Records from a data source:
● ● ● ● ● ● ●

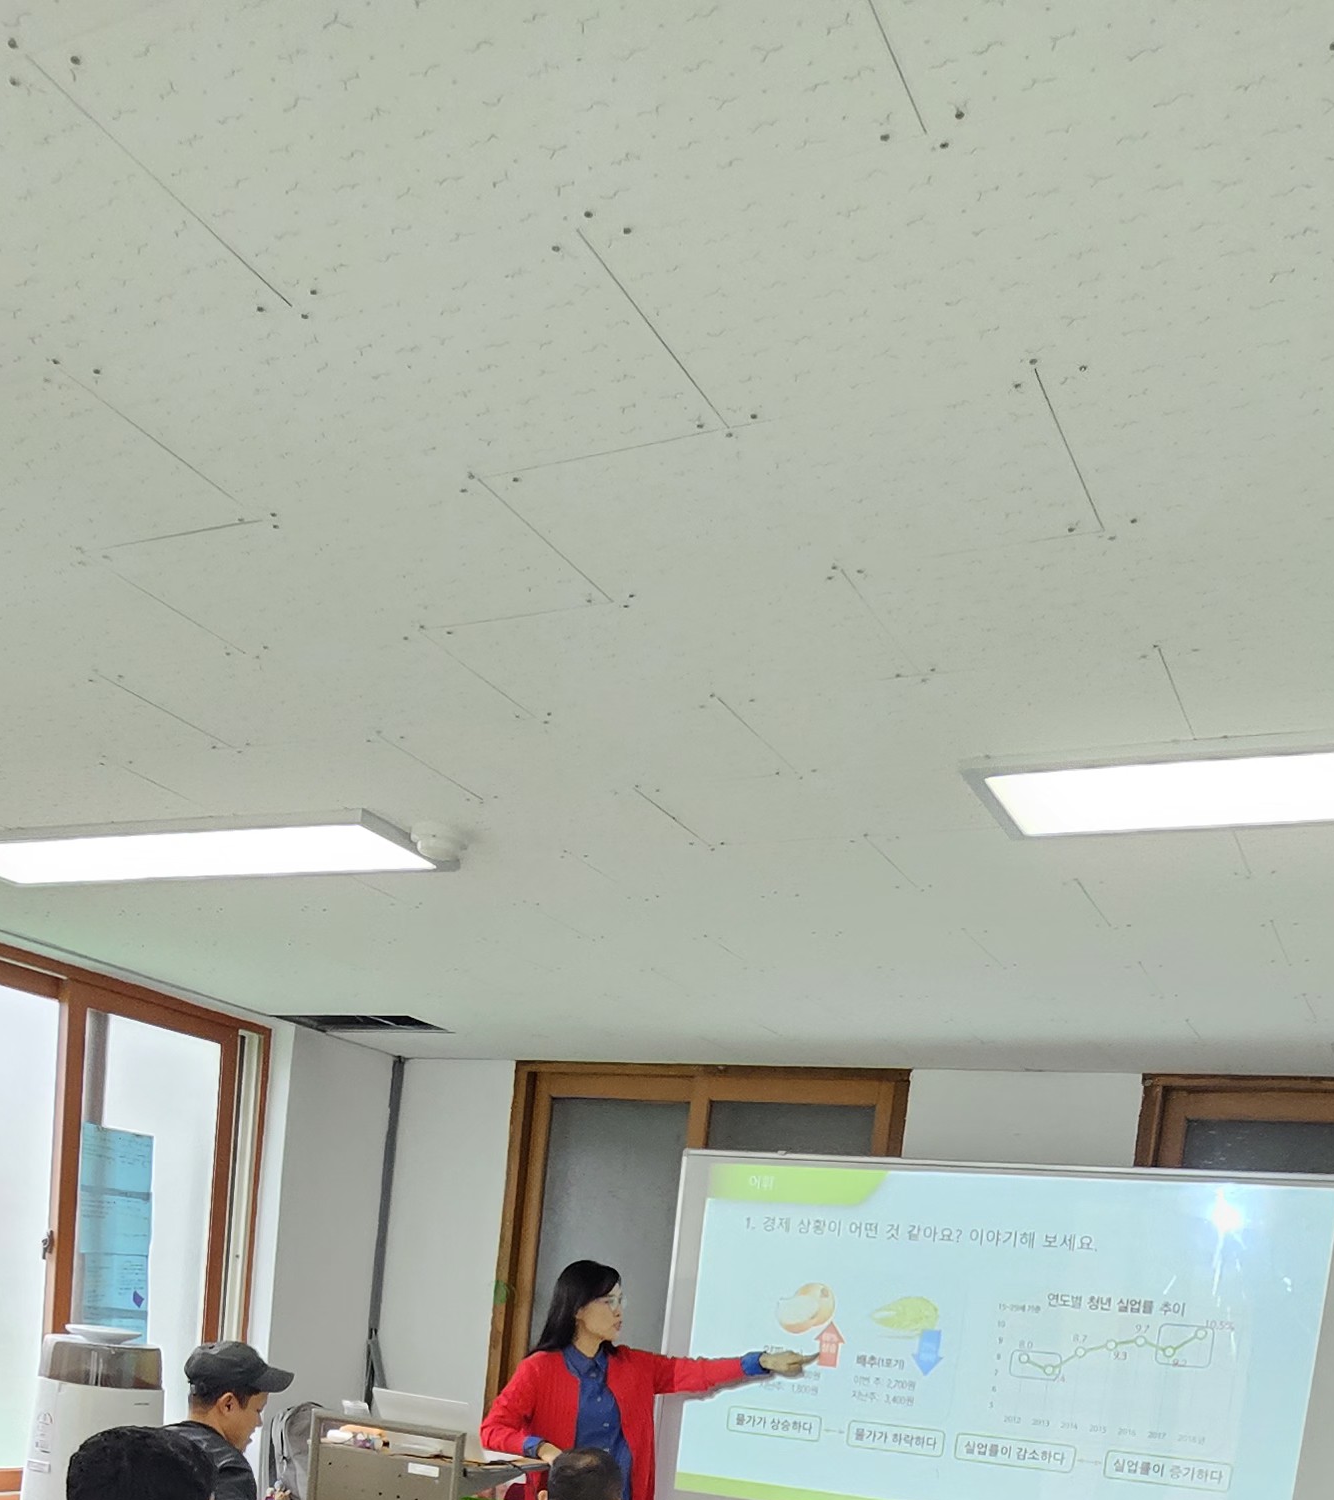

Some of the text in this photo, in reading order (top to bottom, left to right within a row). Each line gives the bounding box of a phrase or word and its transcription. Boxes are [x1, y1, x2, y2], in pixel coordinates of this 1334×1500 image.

[745, 1216, 1098, 1252] 1. 경제 상황이 어떤 것 같아요? 이야기해 보세요.
[1047, 1293, 1186, 1316] 연도별 청년 실업률 추이
[856, 1355, 905, 1370] 배추(1포기)
[1113, 1351, 1127, 1361] 9.3
[853, 1375, 873, 1387] 이번
[886, 1378, 916, 1391] 2,700원
[884, 1393, 914, 1407] 3,400원
[736, 1413, 813, 1434] 물가가 상승하다
[1089, 1424, 1107, 1434] 2015
[1147, 1430, 1166, 1440] 2017
[855, 1428, 937, 1449] 물가가 하락하다
[964, 1440, 1065, 1466] 실업률이 감소하다
[1113, 1458, 1165, 1477] 실업률이
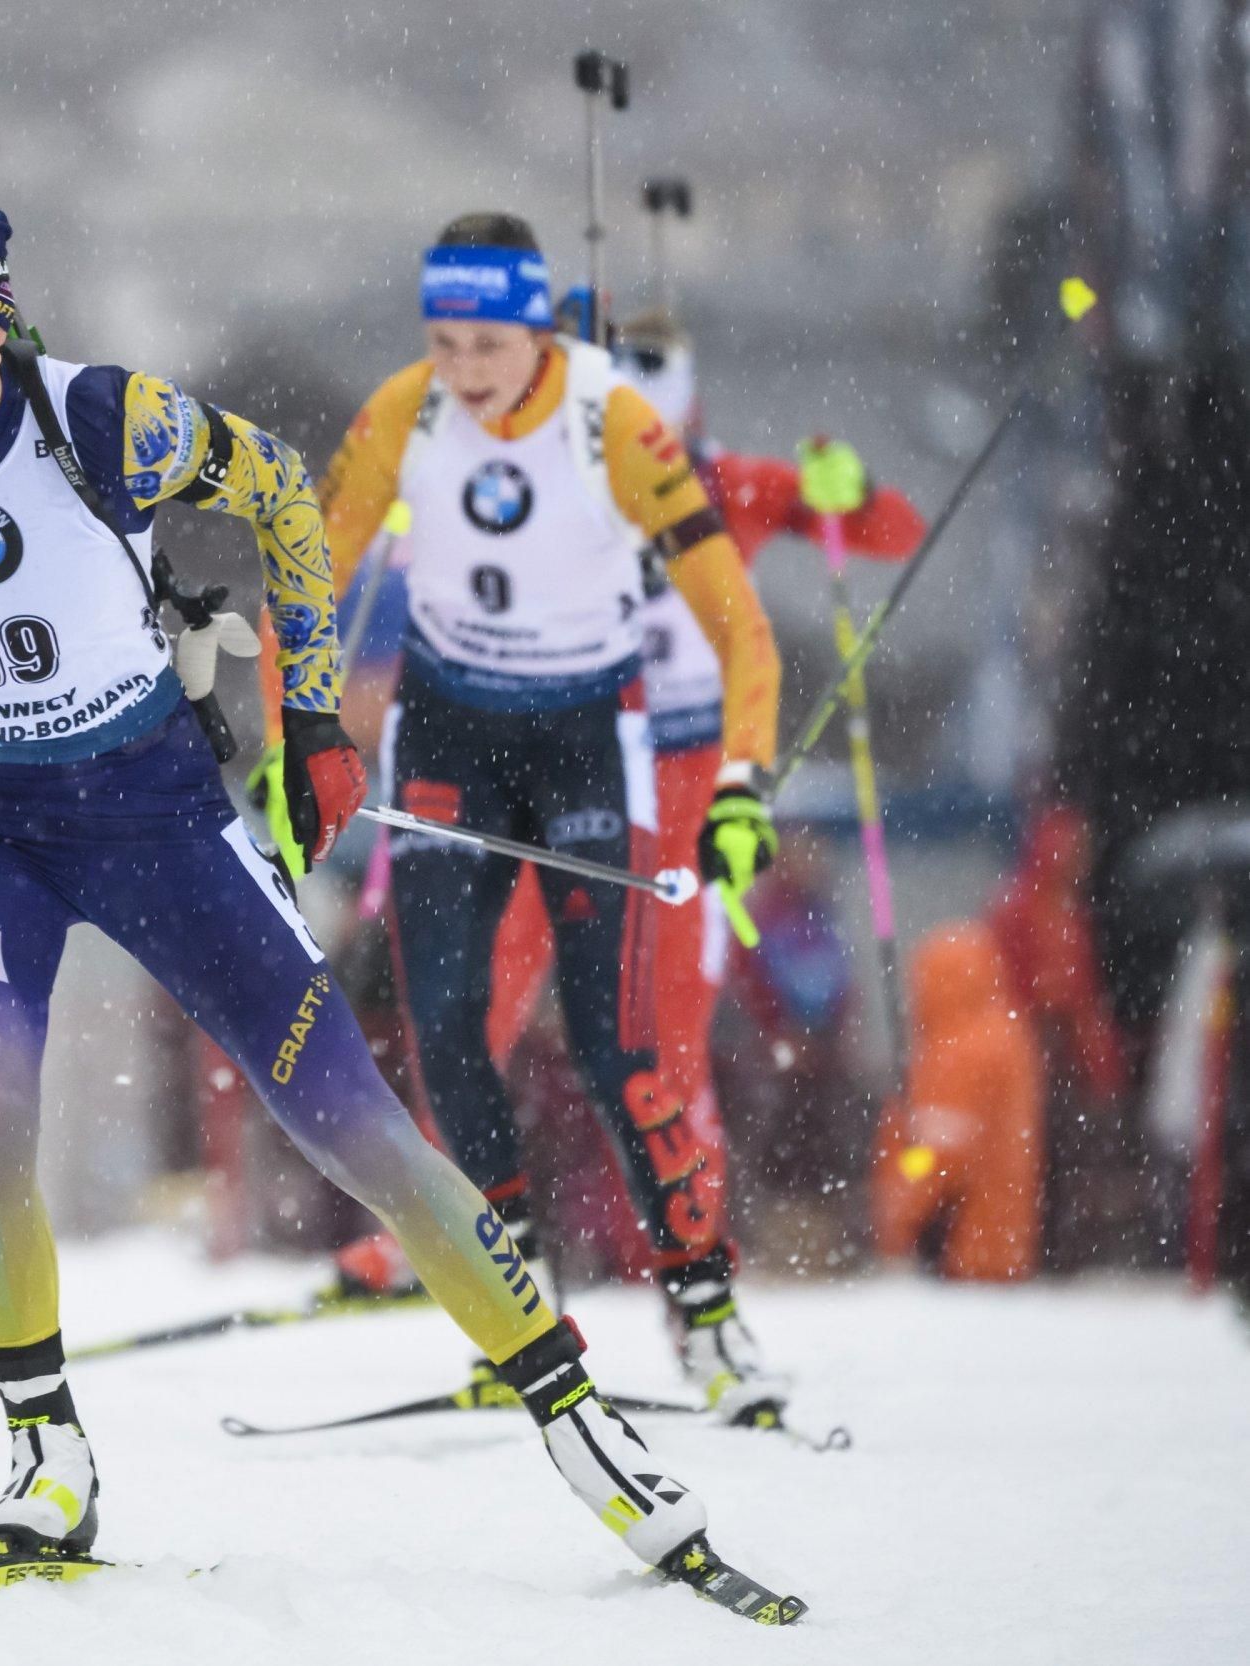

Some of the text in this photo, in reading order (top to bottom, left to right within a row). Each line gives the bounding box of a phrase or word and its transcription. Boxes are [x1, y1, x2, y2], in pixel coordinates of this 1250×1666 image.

[469, 564, 512, 615] 9
[272, 987, 323, 1085] CRAFT
[475, 1202, 540, 1316] UKR
[7, 1415, 50, 1428] CHER
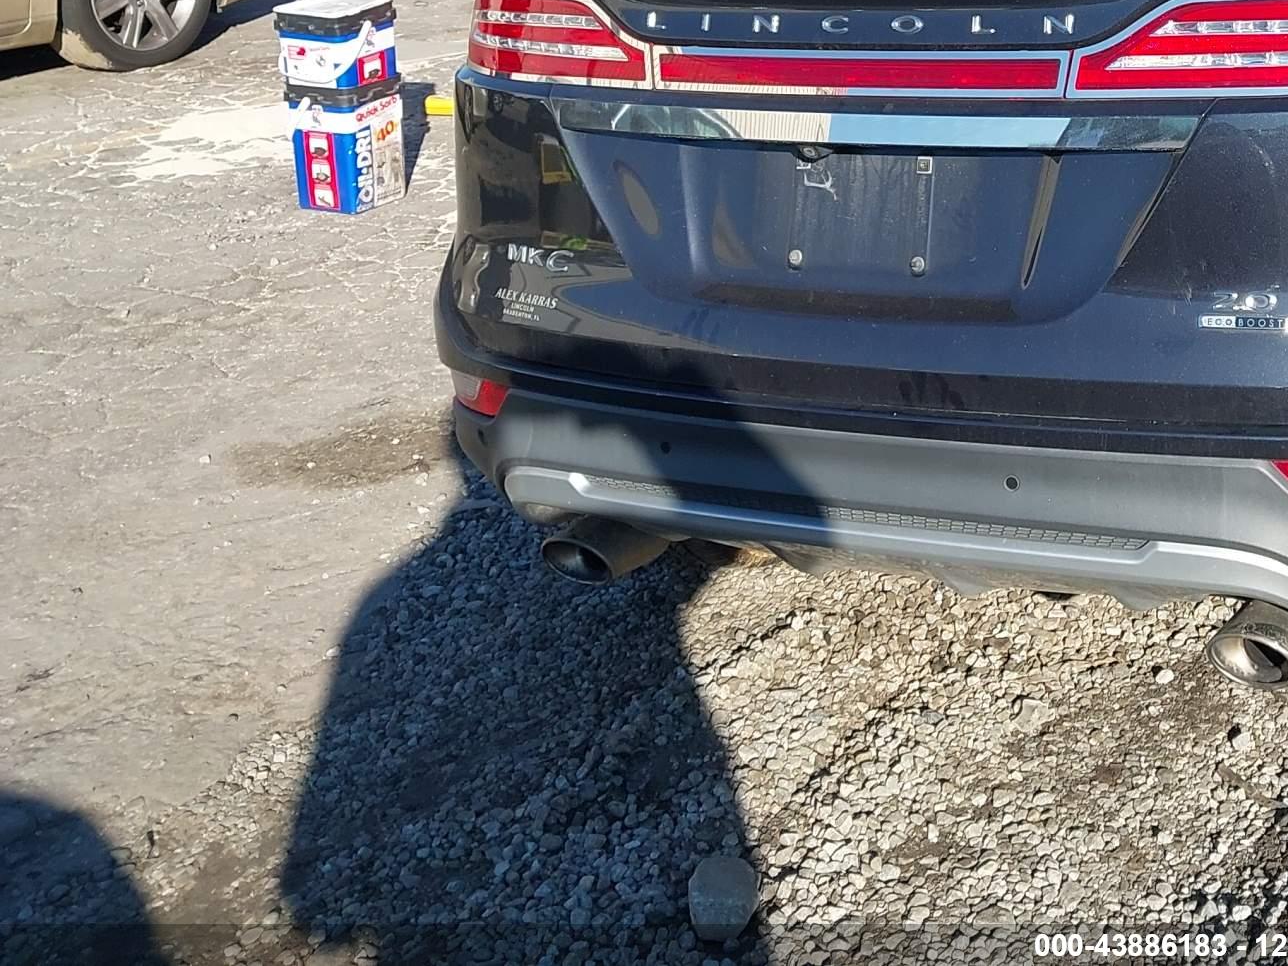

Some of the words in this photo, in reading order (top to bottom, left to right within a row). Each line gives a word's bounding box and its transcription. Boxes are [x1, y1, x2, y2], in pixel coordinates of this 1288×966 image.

[647, 11, 1074, 34] LINCOLN
[507, 243, 575, 272] MKC
[495, 288, 519, 301] ALEX
[519, 292, 559, 309] KARRAS
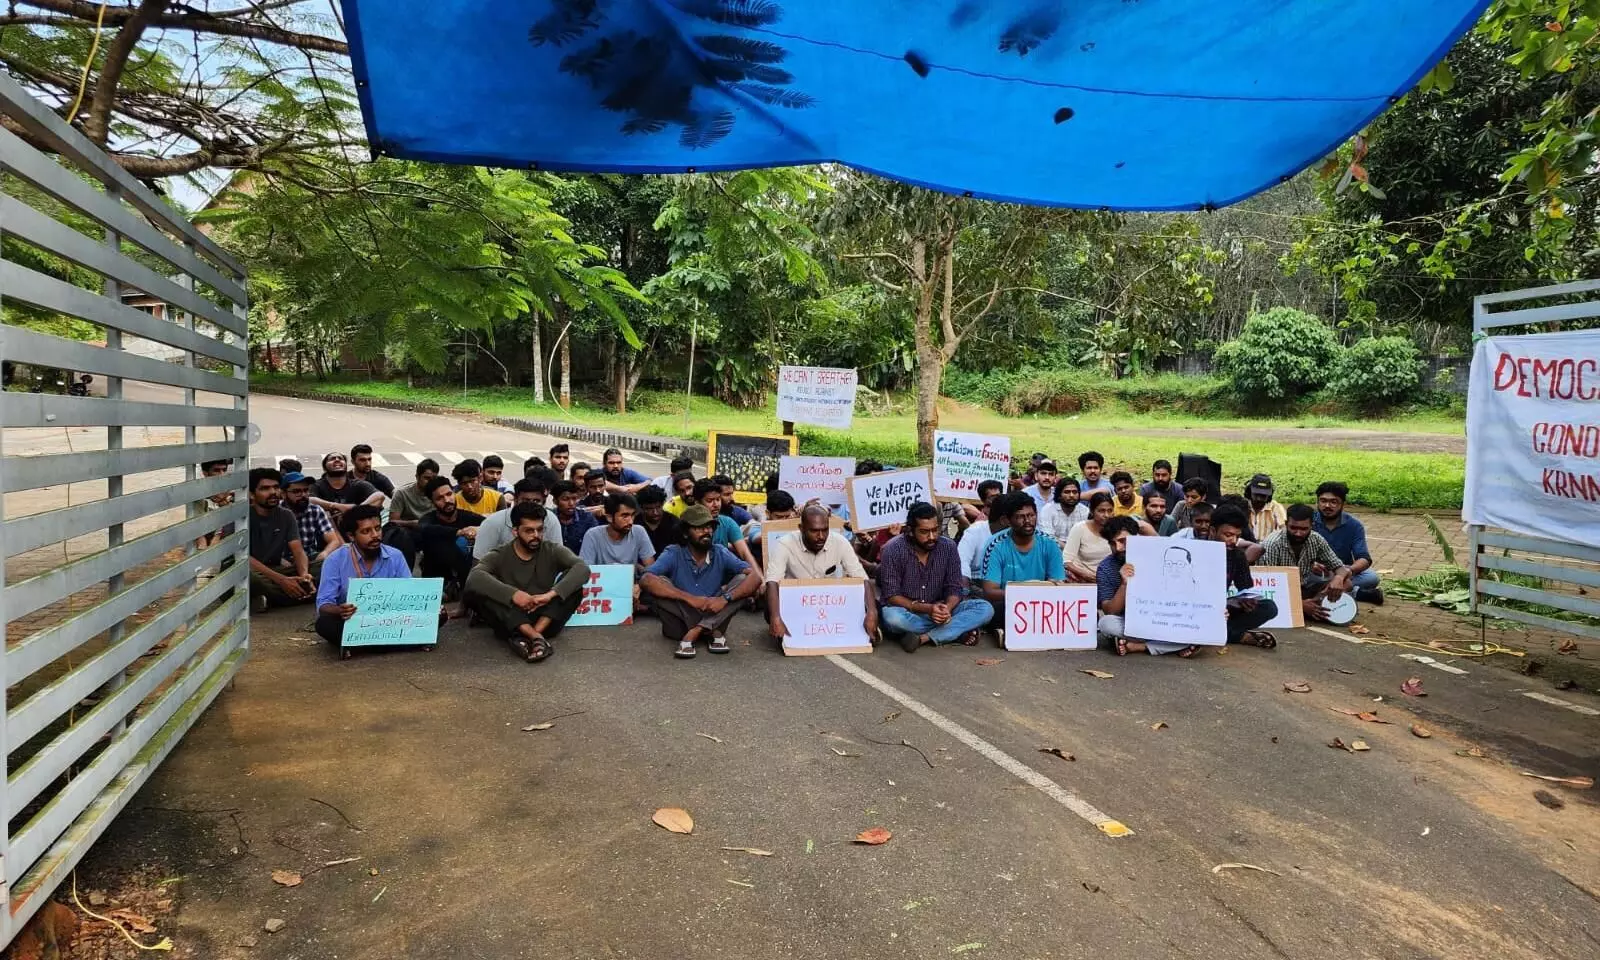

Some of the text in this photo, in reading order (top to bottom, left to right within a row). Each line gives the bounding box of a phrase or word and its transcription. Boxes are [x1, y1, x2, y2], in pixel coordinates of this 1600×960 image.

[1494, 353, 1600, 400] DEMOC
[981, 442, 1009, 463] Fascism
[866, 482, 923, 499] WE NEED A
[802, 594, 846, 606] RESIGN
[818, 608, 827, 620] &
[1014, 600, 1088, 634] STRIKE
[803, 623, 846, 636] LEAVE

● ● ● ● ● ● ●

### EXERCISE DIRECTIONS
Retype only the lines from the line with "Some of the words" through the last line of the data. Keep both ends and skip the pictures.

### EXERCISE RESPONSE
Some of the words in this photo, in reading order (top to bottom, left to right within a row). Each line gives a word's bounding box and its transcription. Boxes are [x1, y1, x2, y2], in pixel coordinates of this 1288×966 image.

[647, 11, 1074, 34] LINCOLN
[507, 243, 575, 272] MKC
[495, 288, 519, 301] ALEX
[519, 292, 559, 309] KARRAS

Some of the text in this photo, in reading order (top to bottom, left to right within a row). Each line gives the bounding box of a phrase or word and its transcription. Boxes are [x1, y1, x2, y2], in pixel coordinates of this 1600×960 image.

[1494, 353, 1600, 400] DEMOC
[981, 442, 1009, 463] Fascism
[866, 482, 923, 499] WE NEED A
[802, 594, 846, 606] RESIGN
[818, 608, 827, 620] &
[1014, 600, 1088, 634] STRIKE
[803, 623, 846, 636] LEAVE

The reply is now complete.